Dataset entries Block Start
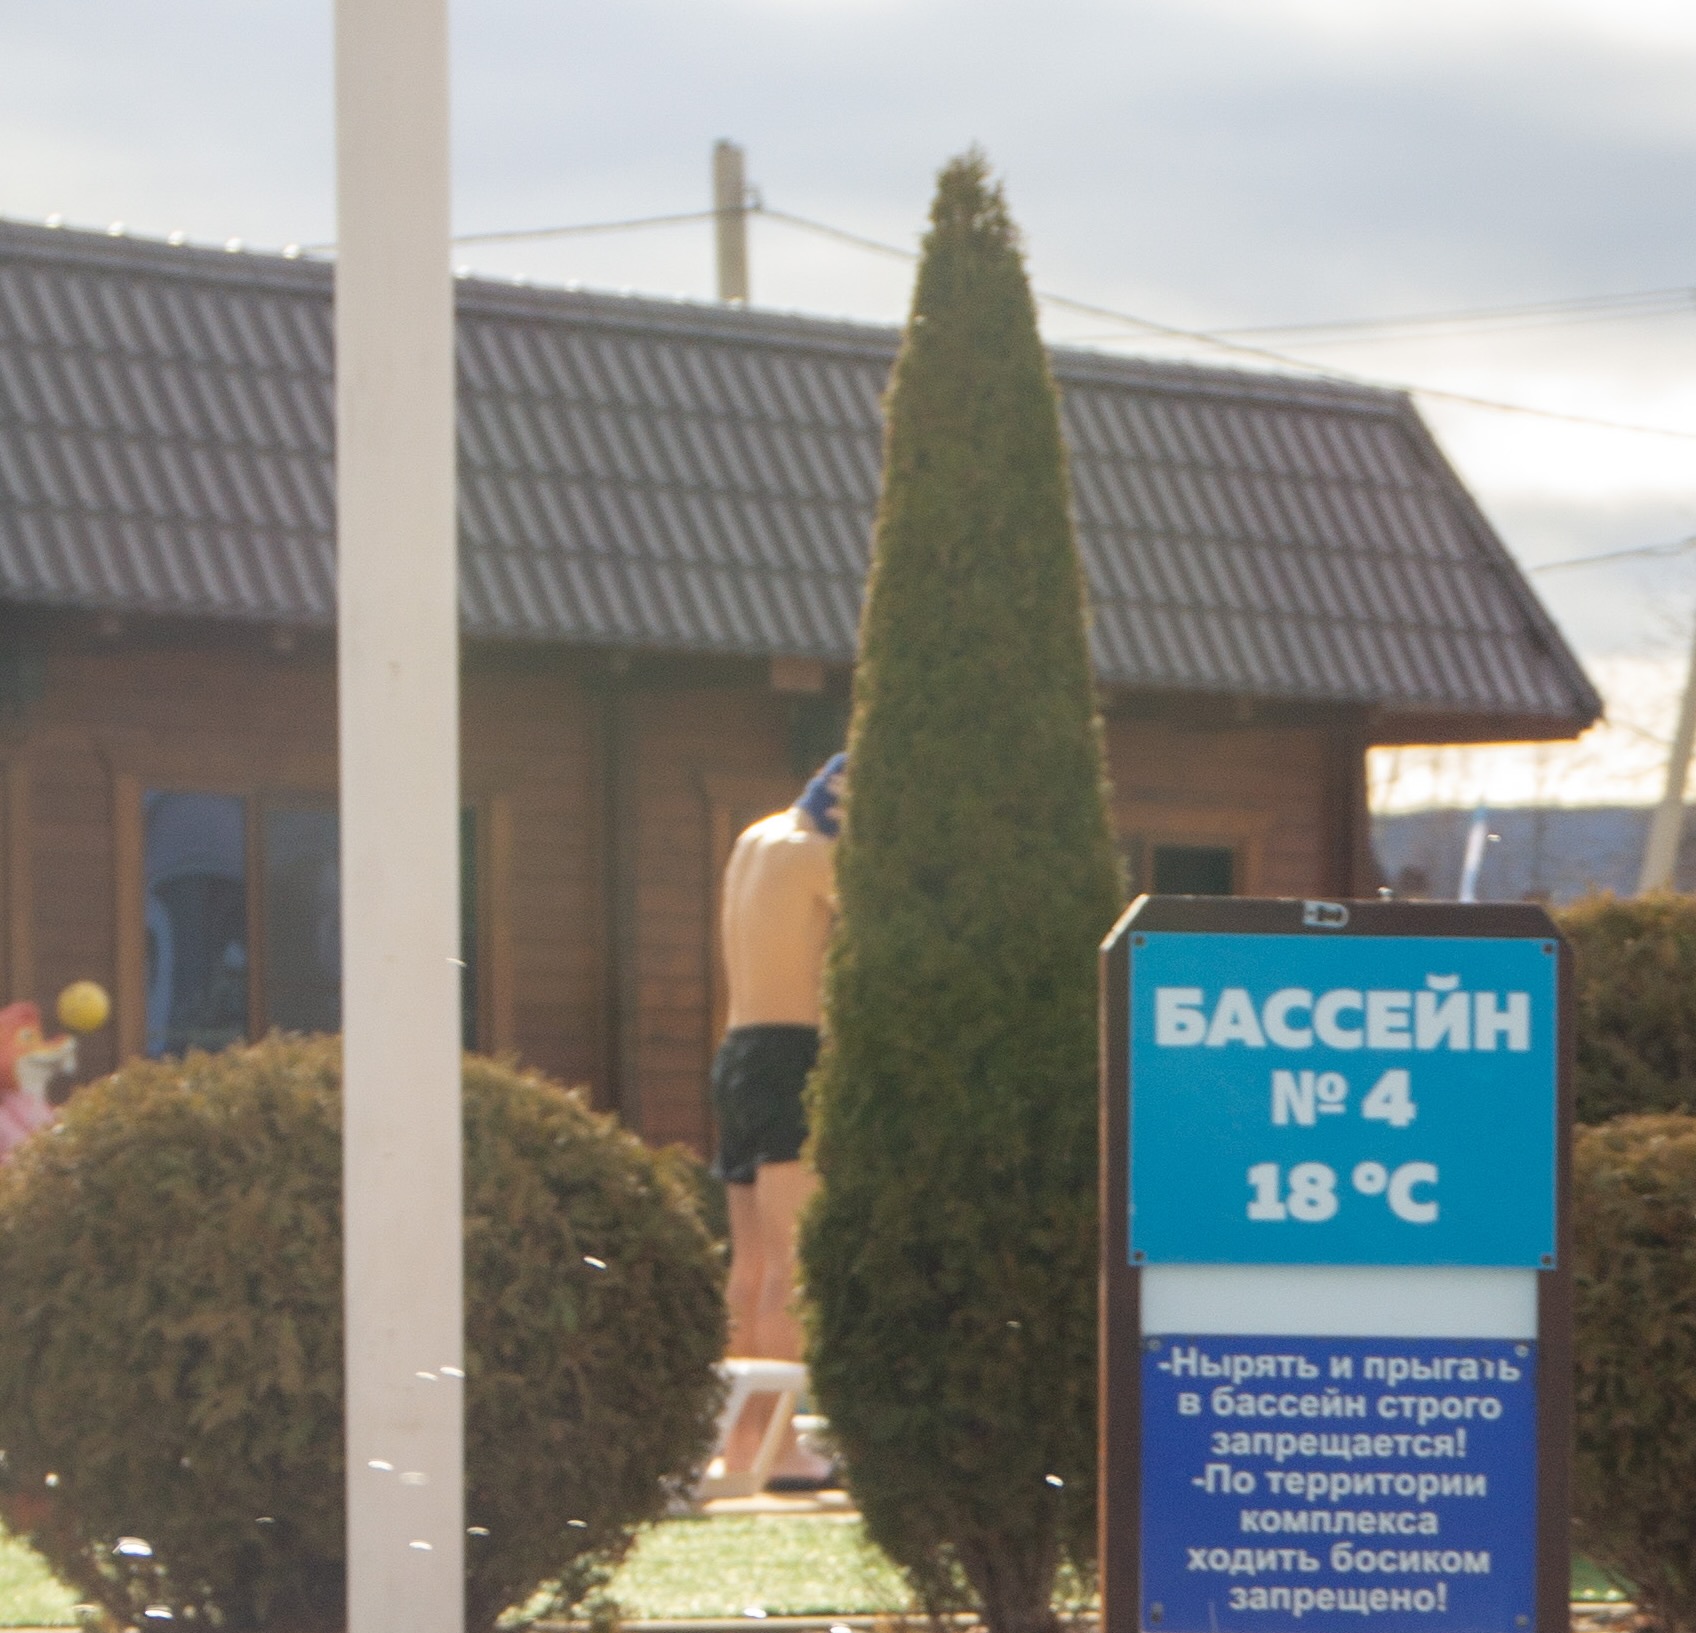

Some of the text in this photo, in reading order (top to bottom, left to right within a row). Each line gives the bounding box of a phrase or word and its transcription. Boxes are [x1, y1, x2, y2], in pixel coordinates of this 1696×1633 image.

[1154, 974, 1530, 1051] БАССЕЙН
[1271, 1069, 1416, 1127] № 4
[1247, 1162, 1338, 1222] 18
[1157, 1346, 1320, 1385] -Нырять
[1329, 1356, 1353, 1379] и
[1178, 1385, 1503, 1426] в бассейн строго
[1211, 1427, 1467, 1463] запрещается!
[1191, 1462, 1487, 1504] -По территории
[1240, 1509, 1439, 1535] комплекса
[1187, 1540, 1491, 1576] ходить босиком
[1228, 1581, 1448, 1618] запрещено!
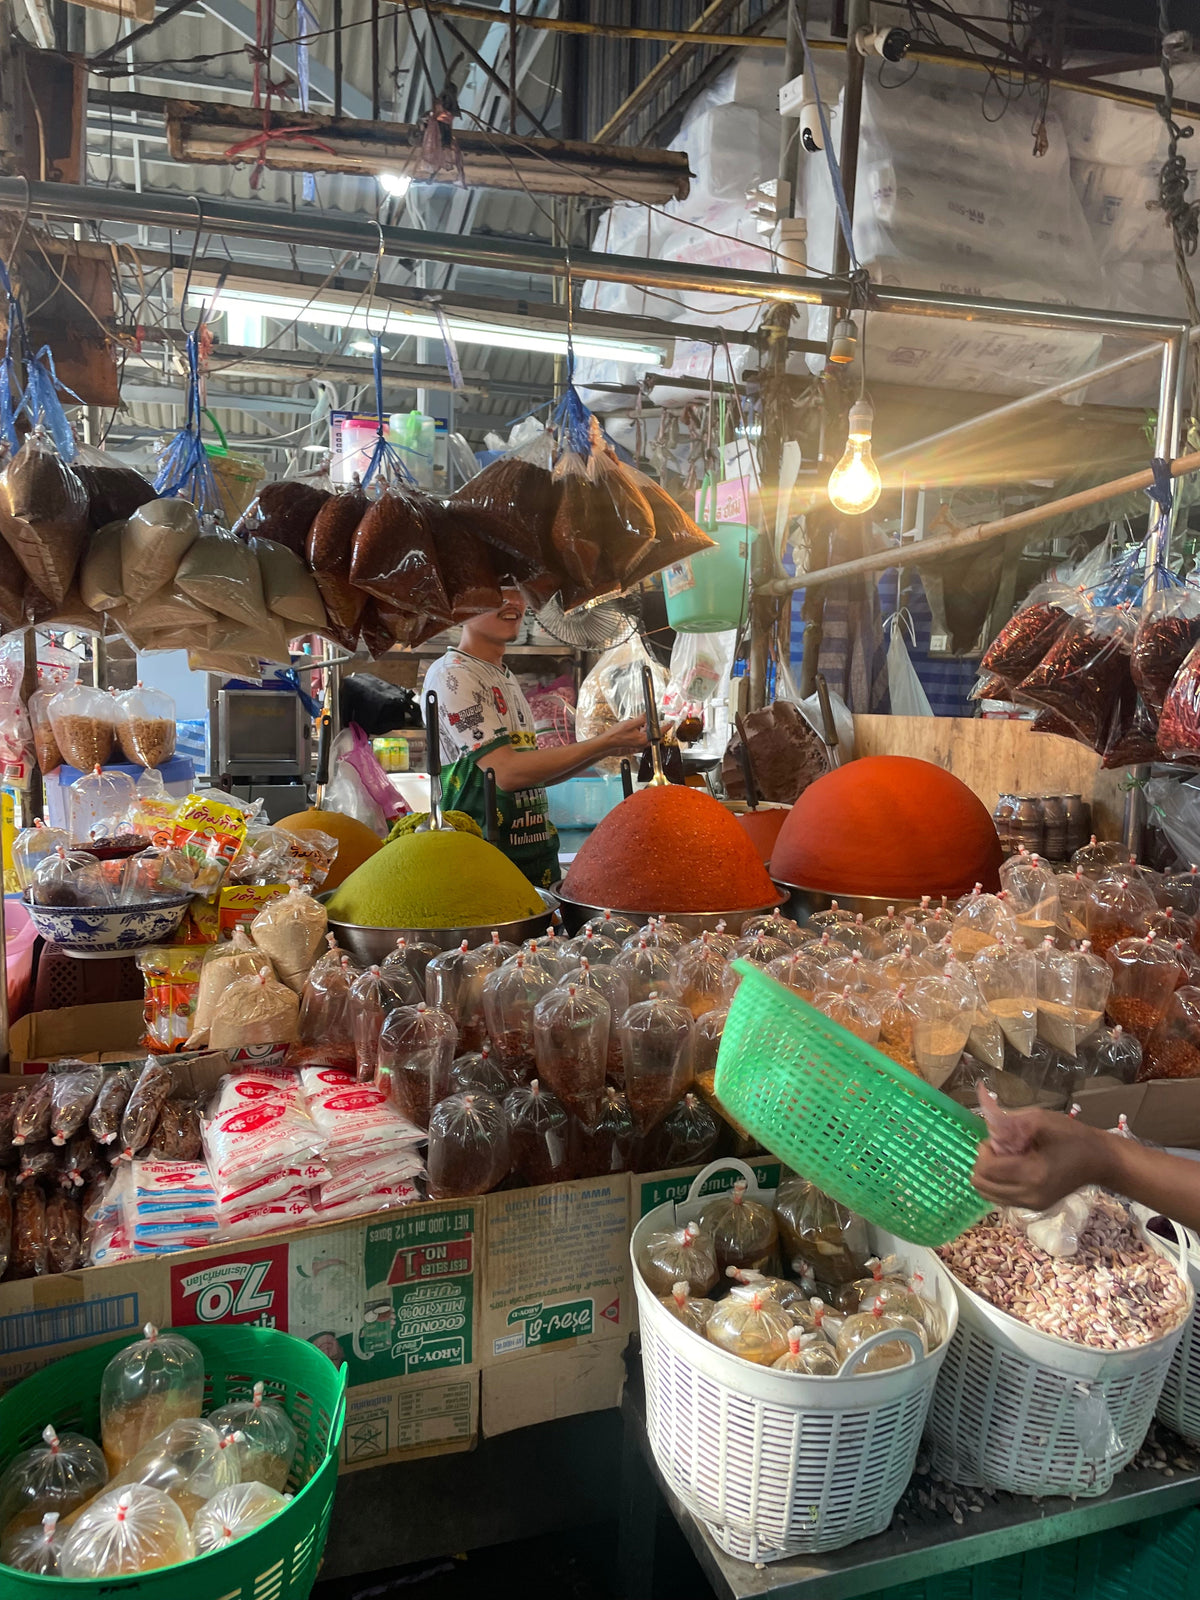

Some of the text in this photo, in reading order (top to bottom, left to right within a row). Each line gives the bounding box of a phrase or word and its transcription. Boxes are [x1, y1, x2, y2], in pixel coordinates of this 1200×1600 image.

[369, 1214, 469, 1242] NET 1,000 ml x 12 Boxes
[400, 1246, 446, 1279] NO. 1
[420, 1259, 468, 1275] BEST SELLER
[186, 1265, 248, 1288] ประเทศทั่วโลก
[196, 1260, 275, 1322] 70
[400, 1299, 464, 1319] MILK 100%
[400, 1316, 463, 1337] COCONUT
[527, 1308, 590, 1344] อร่อย-ดี
[408, 1346, 460, 1364] AROY-D
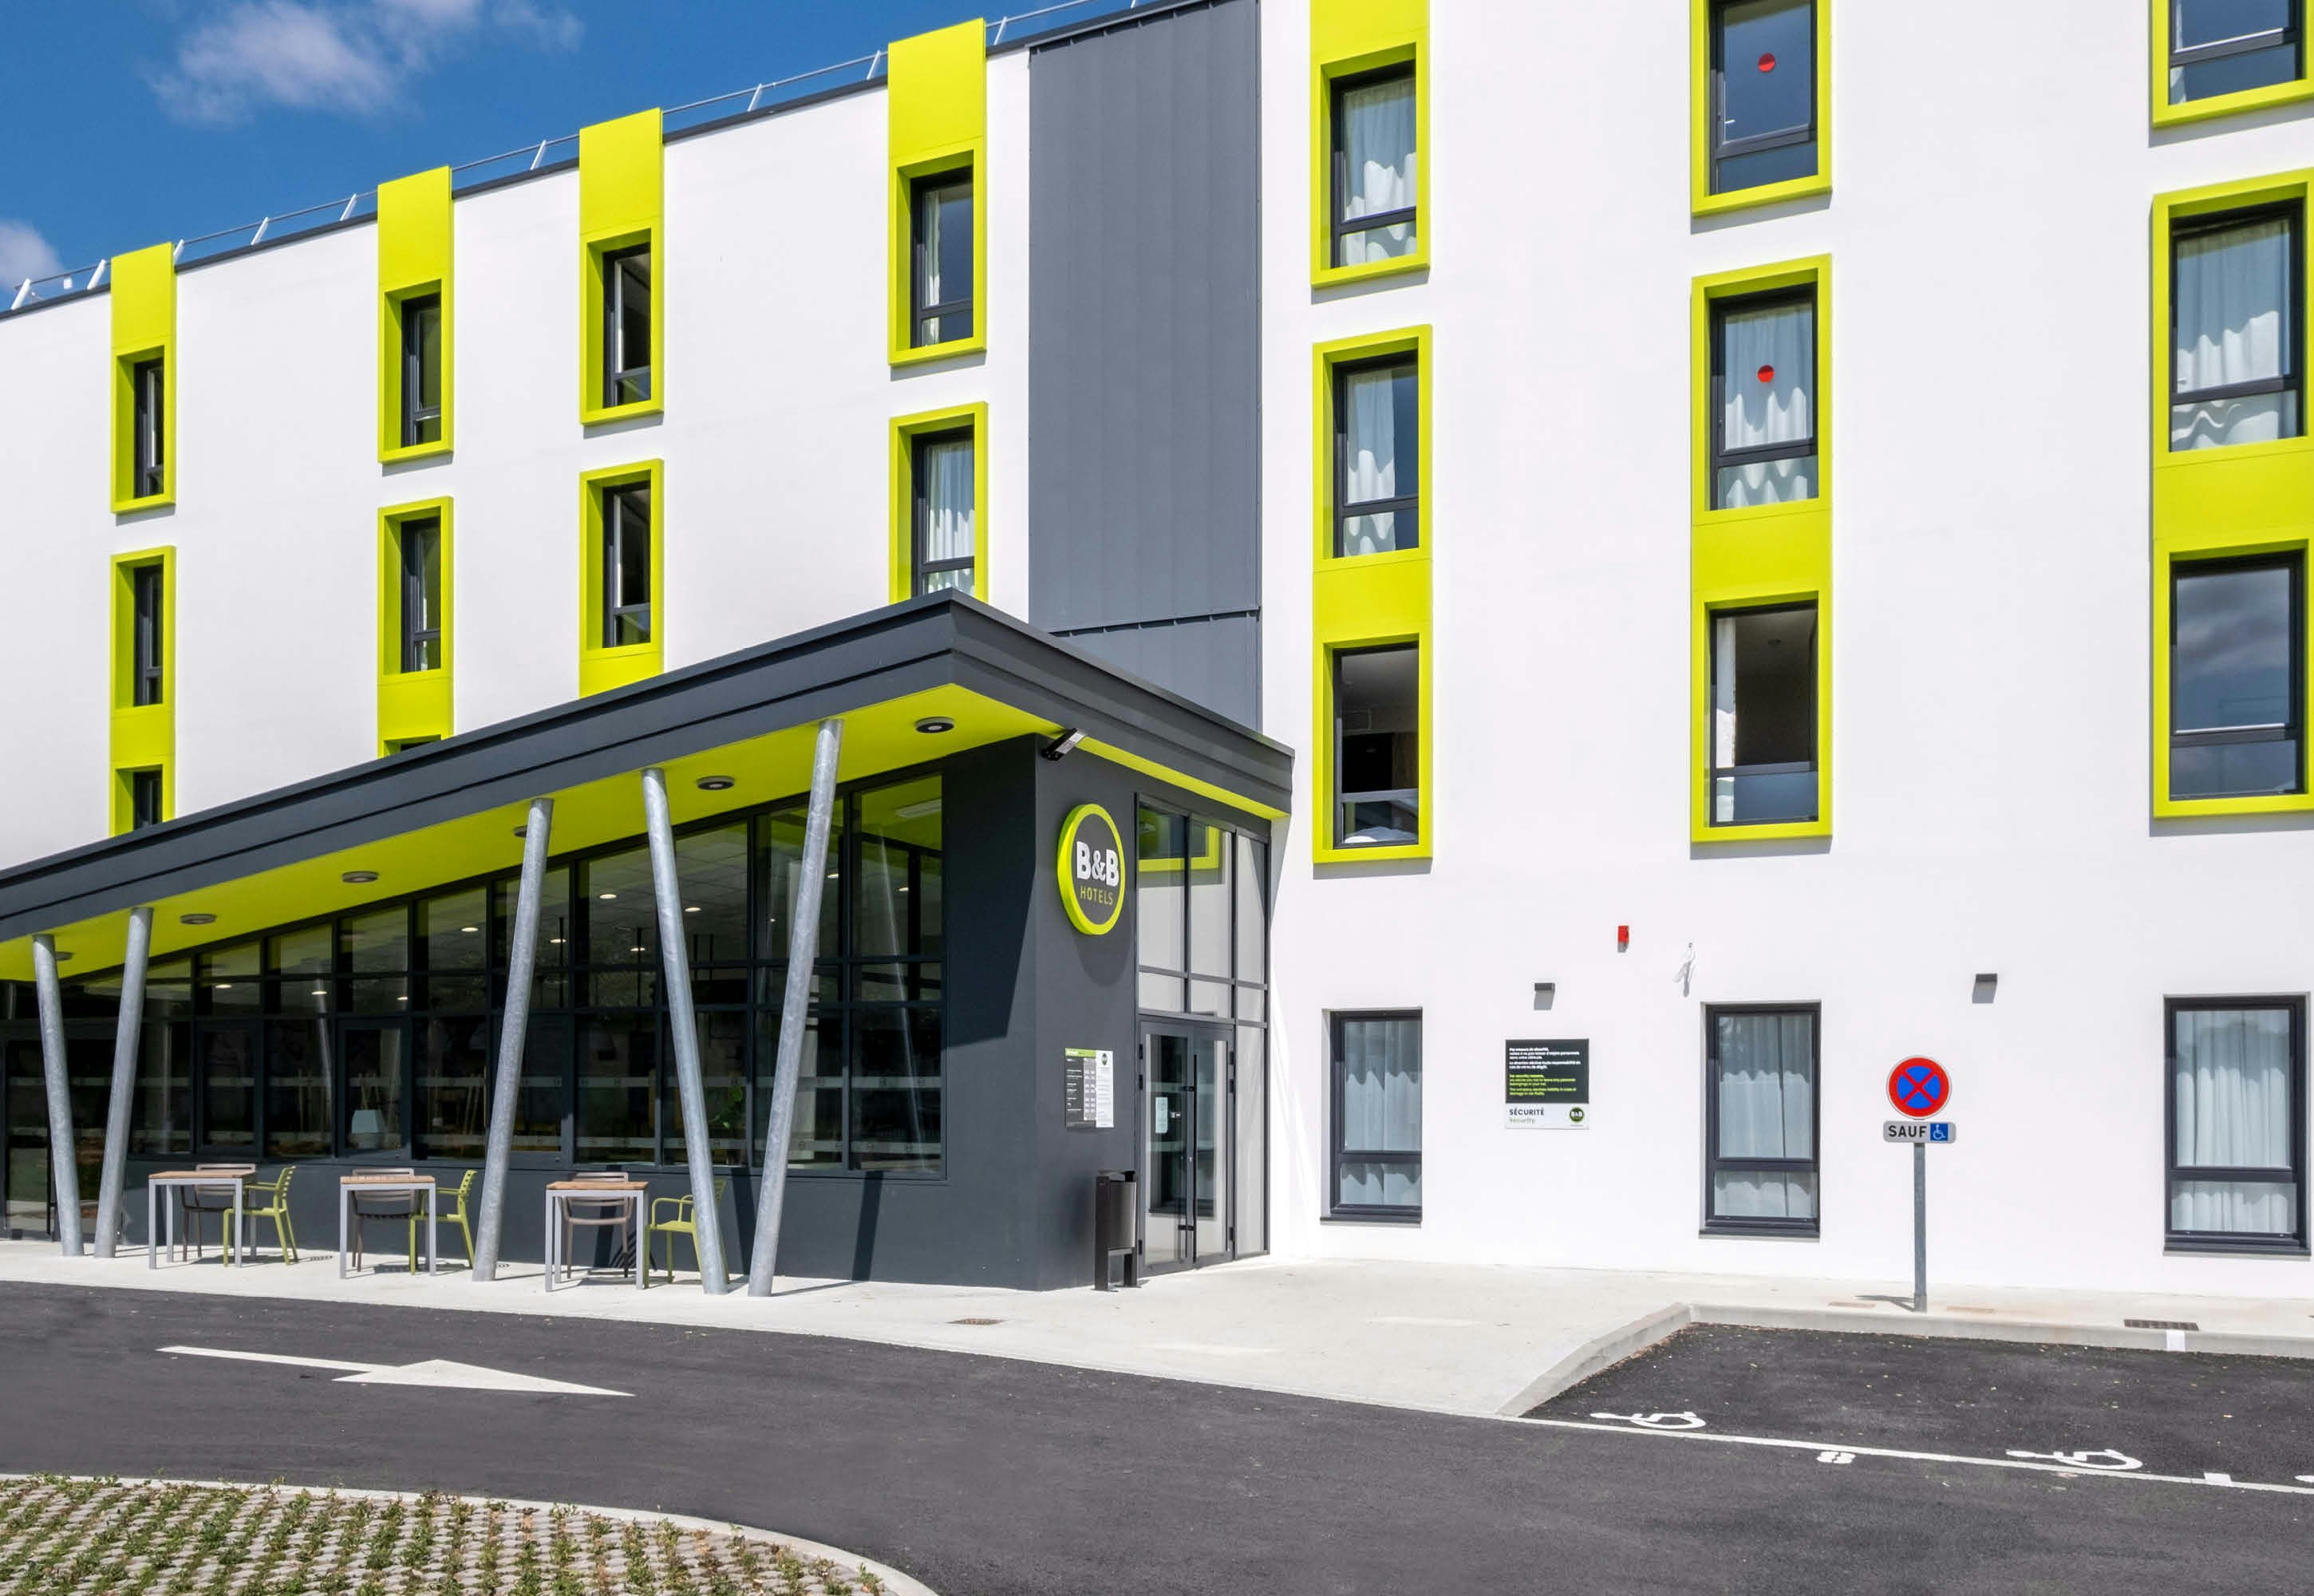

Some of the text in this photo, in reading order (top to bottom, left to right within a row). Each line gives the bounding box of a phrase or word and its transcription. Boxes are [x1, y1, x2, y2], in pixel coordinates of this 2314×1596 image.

[1076, 841, 1119, 887] B&B
[1080, 886, 1113, 906] HOTELS
[1509, 1107, 1545, 1116] SÉCURITÉ
[1888, 1125, 1927, 1138] SAUF
Dataset entries Block End
> _Problem details_
Please transcribe each line above exactly, but leave the images out.

> _Response box_
Some of the text in this photo, in reading order (top to bottom, left to right within a row). Each line gives the bounding box of a phrase or word and its transcription. Boxes are [x1, y1, x2, y2], in pixel coordinates of this 1696×1633 image.

[1154, 974, 1530, 1051] БАССЕЙН
[1271, 1069, 1416, 1127] № 4
[1247, 1162, 1338, 1222] 18
[1157, 1346, 1320, 1385] -Нырять
[1329, 1356, 1353, 1379] и
[1178, 1385, 1503, 1426] в бассейн строго
[1211, 1427, 1467, 1463] запрещается!
[1191, 1462, 1487, 1504] -По территории
[1240, 1509, 1439, 1535] комплекса
[1187, 1540, 1491, 1576] ходить босиком
[1228, 1581, 1448, 1618] запрещено!

Some of the text in this photo, in reading order (top to bottom, left to right within a row). Each line gives the bounding box of a phrase or word and its transcription. Boxes are [x1, y1, x2, y2], in pixel coordinates of this 1200×1600 image.

[369, 1214, 469, 1242] NET 1,000 ml x 12 Boxes
[400, 1246, 446, 1279] NO. 1
[420, 1259, 468, 1275] BEST SELLER
[186, 1265, 248, 1288] ประเทศทั่วโลก
[196, 1260, 275, 1322] 70
[400, 1299, 464, 1319] MILK 100%
[400, 1316, 463, 1337] COCONUT
[527, 1308, 590, 1344] อร่อย-ดี
[408, 1346, 460, 1364] AROY-D

Some of the text in this photo, in reading order (top to bottom, left to right within a row). Each line gives the bounding box of a phrase or word and its transcription. Boxes are [x1, y1, x2, y2], in pixel coordinates of this 2314×1596 image.

[1076, 841, 1119, 887] B&B
[1080, 886, 1113, 906] HOTELS
[1509, 1107, 1545, 1116] SÉCURITÉ
[1888, 1125, 1927, 1138] SAUF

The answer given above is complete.